▶ [What you are asked to do] Leaving out the pictures, output each record exactly as it stands.

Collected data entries
● ● ● ● ● ● ●

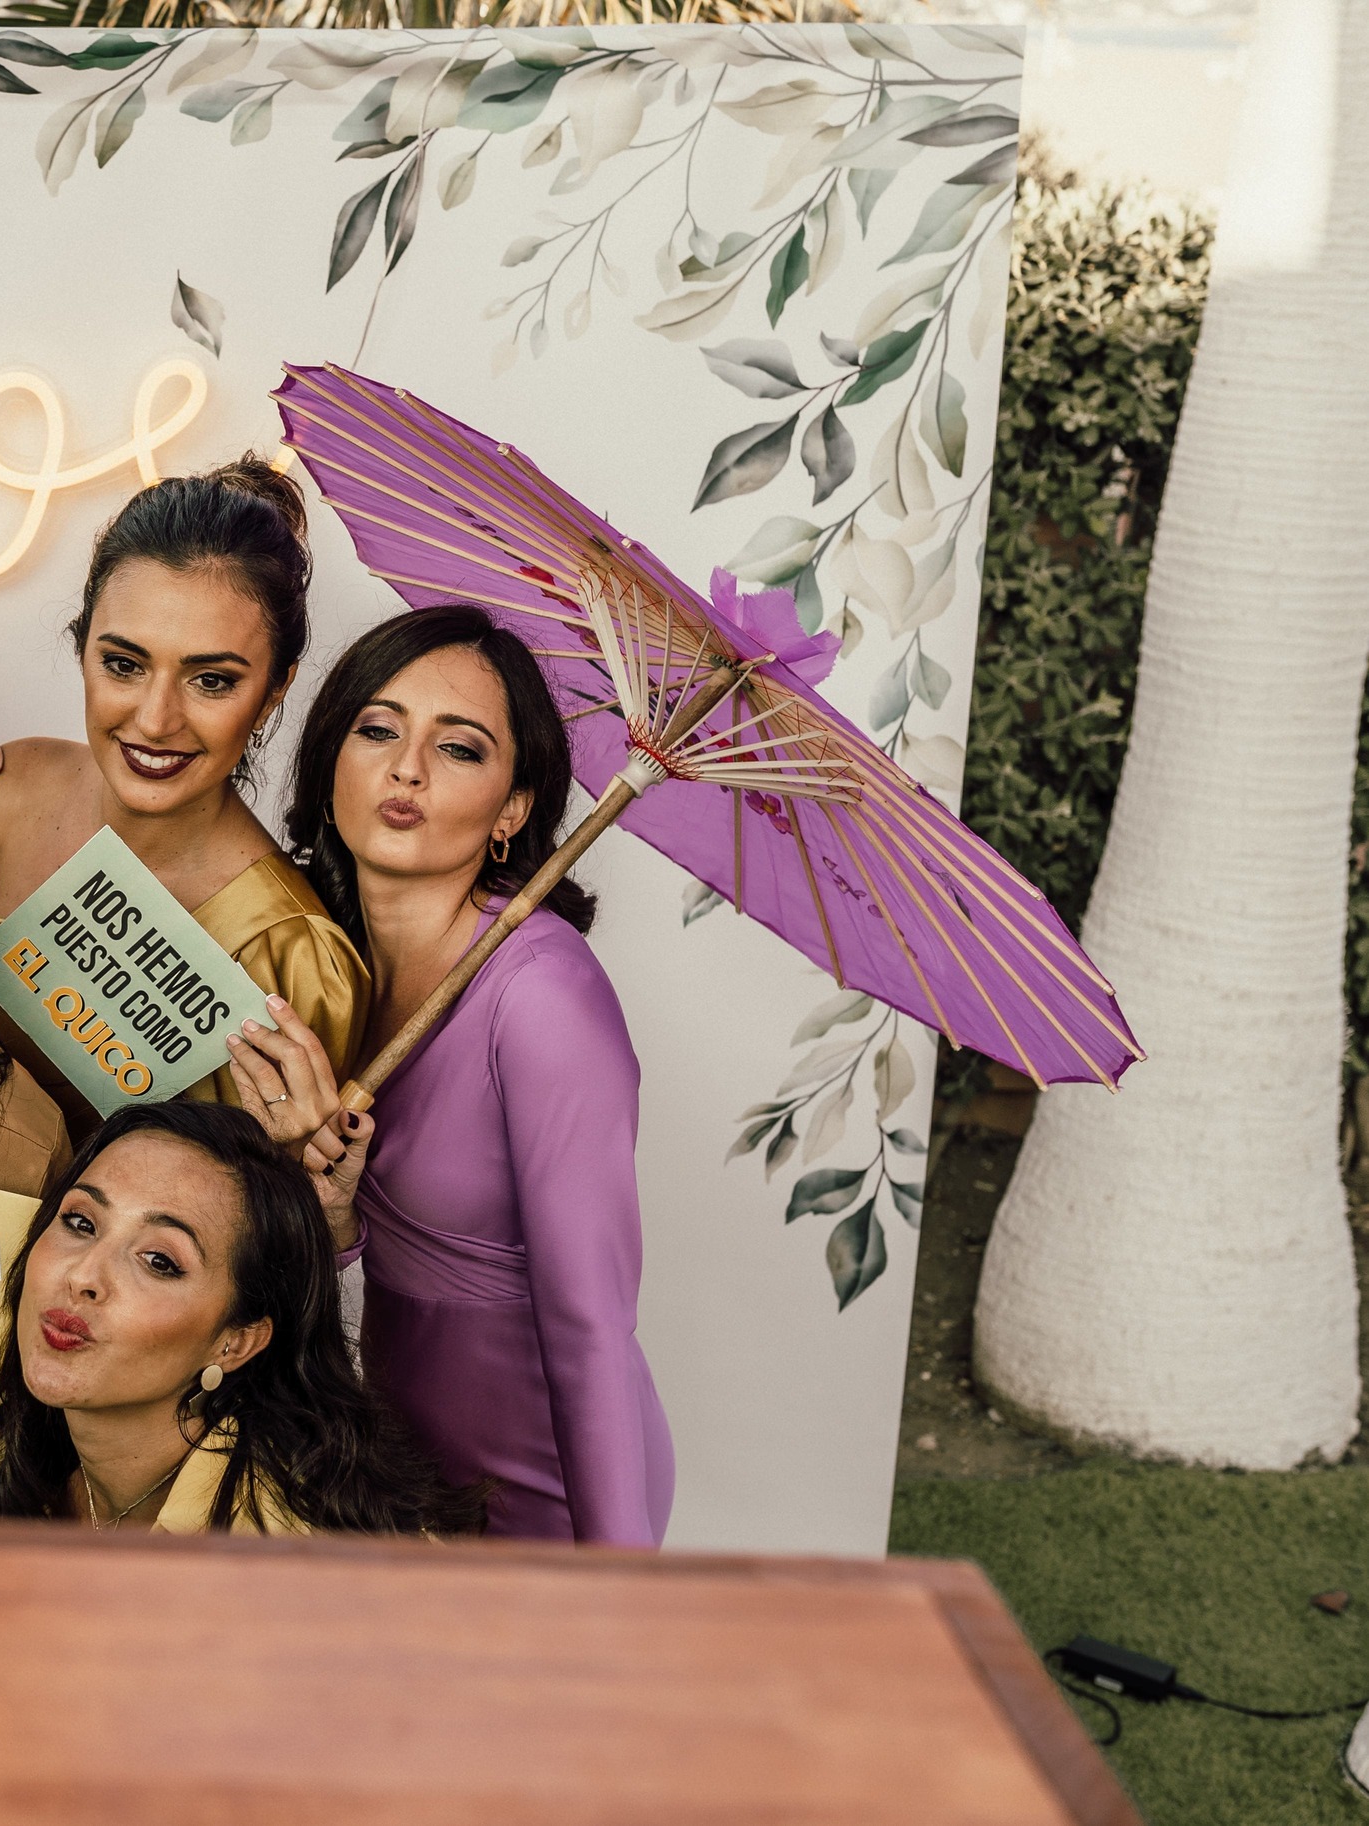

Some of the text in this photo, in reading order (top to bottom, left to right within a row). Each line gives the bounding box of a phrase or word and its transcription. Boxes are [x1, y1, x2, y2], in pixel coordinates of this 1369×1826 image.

[1, 936, 154, 1096] EL QUICO
[39, 903, 193, 1064] PUESTO COMO
[72, 870, 230, 1035] NOS HEMOS
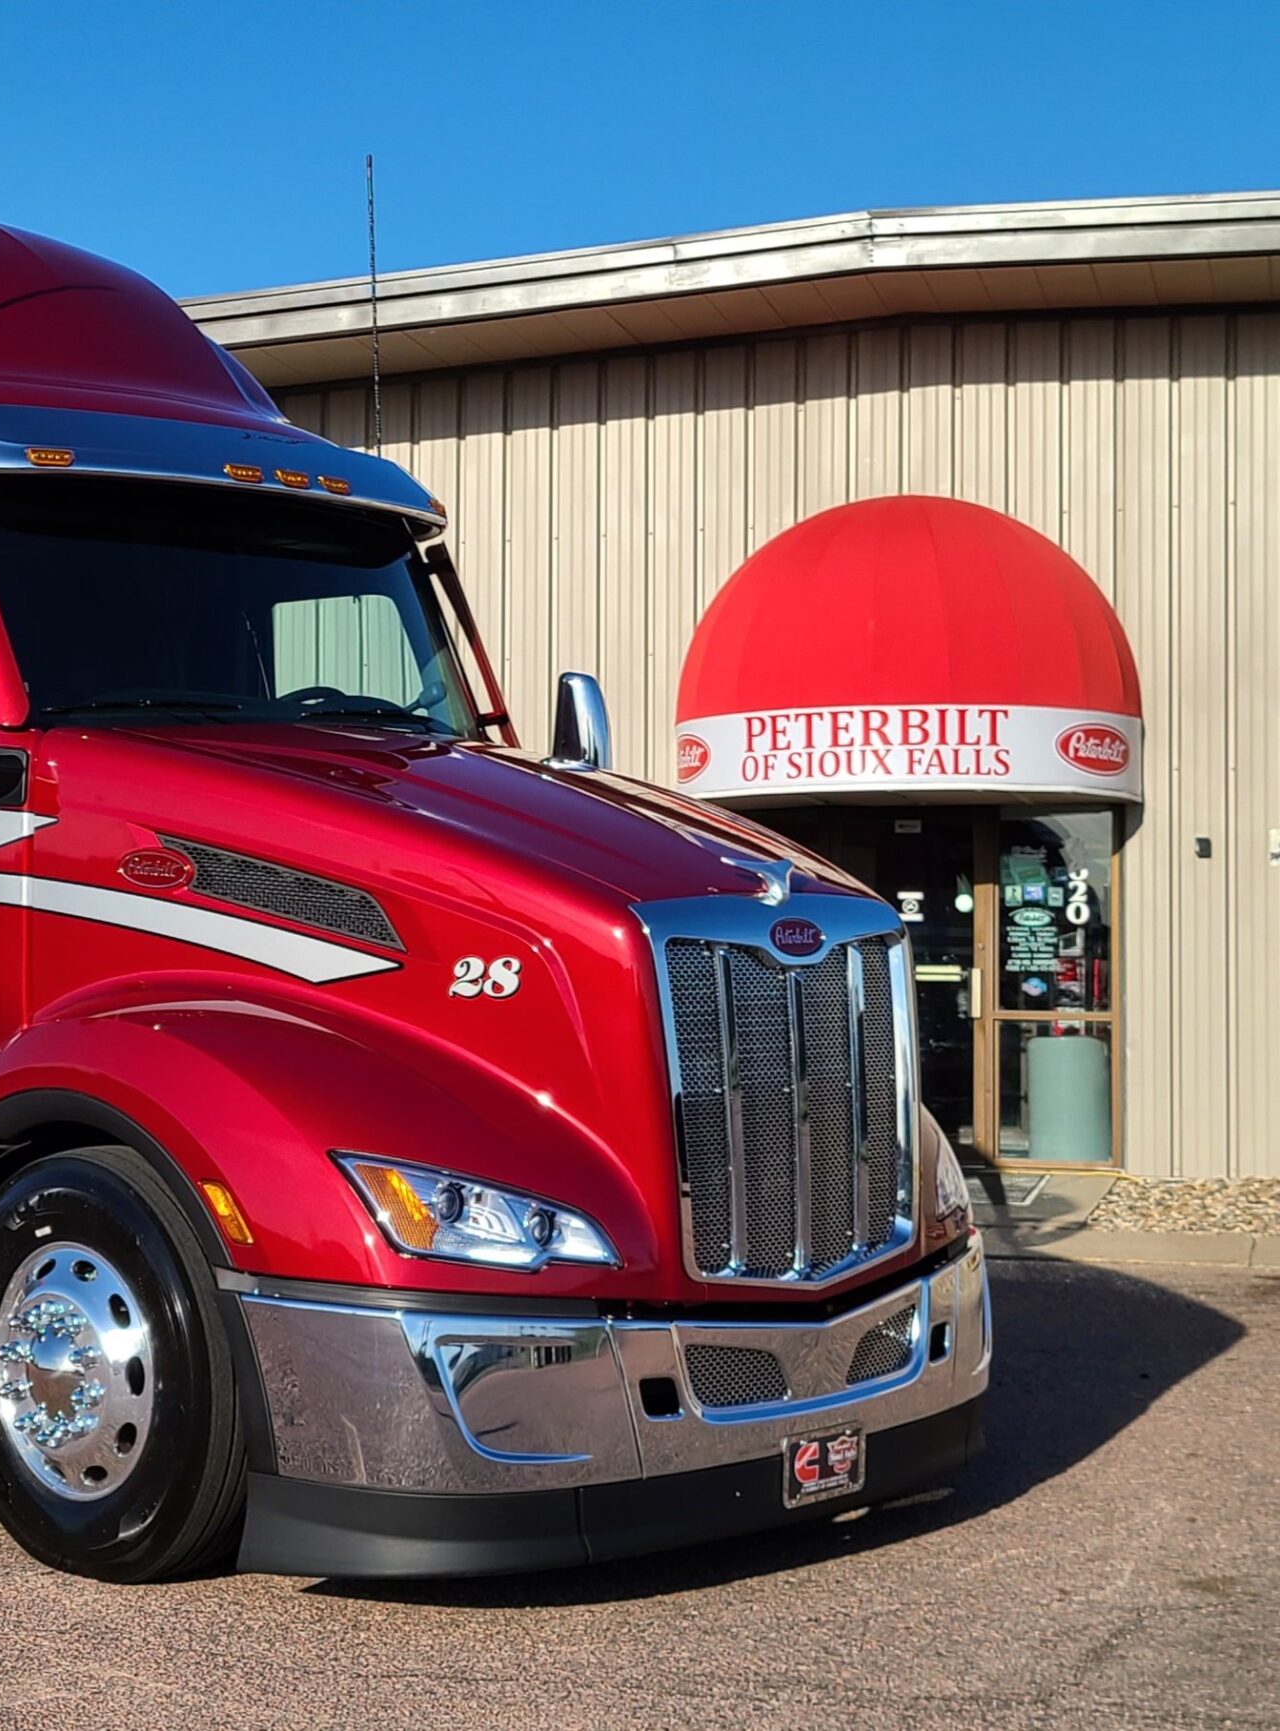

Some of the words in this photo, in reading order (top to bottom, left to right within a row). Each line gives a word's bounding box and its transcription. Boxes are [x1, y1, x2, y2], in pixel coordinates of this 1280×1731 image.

[744, 709, 1009, 753] PETERBILT
[1068, 731, 1126, 764] Peterbilt
[742, 753, 777, 782] OF
[786, 748, 894, 779] SIOUX
[906, 748, 1011, 777] FALLS
[448, 955, 522, 999] 28

● ● ● ● ● ● ●

▶ [Response box]
Some of the text in this photo, in reading order (top to bottom, left to right within a row). Each line gives the bounding box of a phrase or word and its transcription. Boxes are [x1, y1, x2, y2], in pixel coordinates of this 1369×1826 image.

[1, 936, 154, 1096] EL QUICO
[39, 903, 193, 1064] PUESTO COMO
[72, 870, 230, 1035] NOS HEMOS

Some of the words in this photo, in reading order (top to bottom, left to right within a row). Each line gives a word's bounding box and its transcription. Boxes are [x1, y1, x2, y2], in pixel coordinates of this 1280×1731 image.

[744, 709, 1009, 753] PETERBILT
[1068, 731, 1126, 764] Peterbilt
[742, 753, 777, 782] OF
[786, 748, 894, 779] SIOUX
[906, 748, 1011, 777] FALLS
[448, 955, 522, 999] 28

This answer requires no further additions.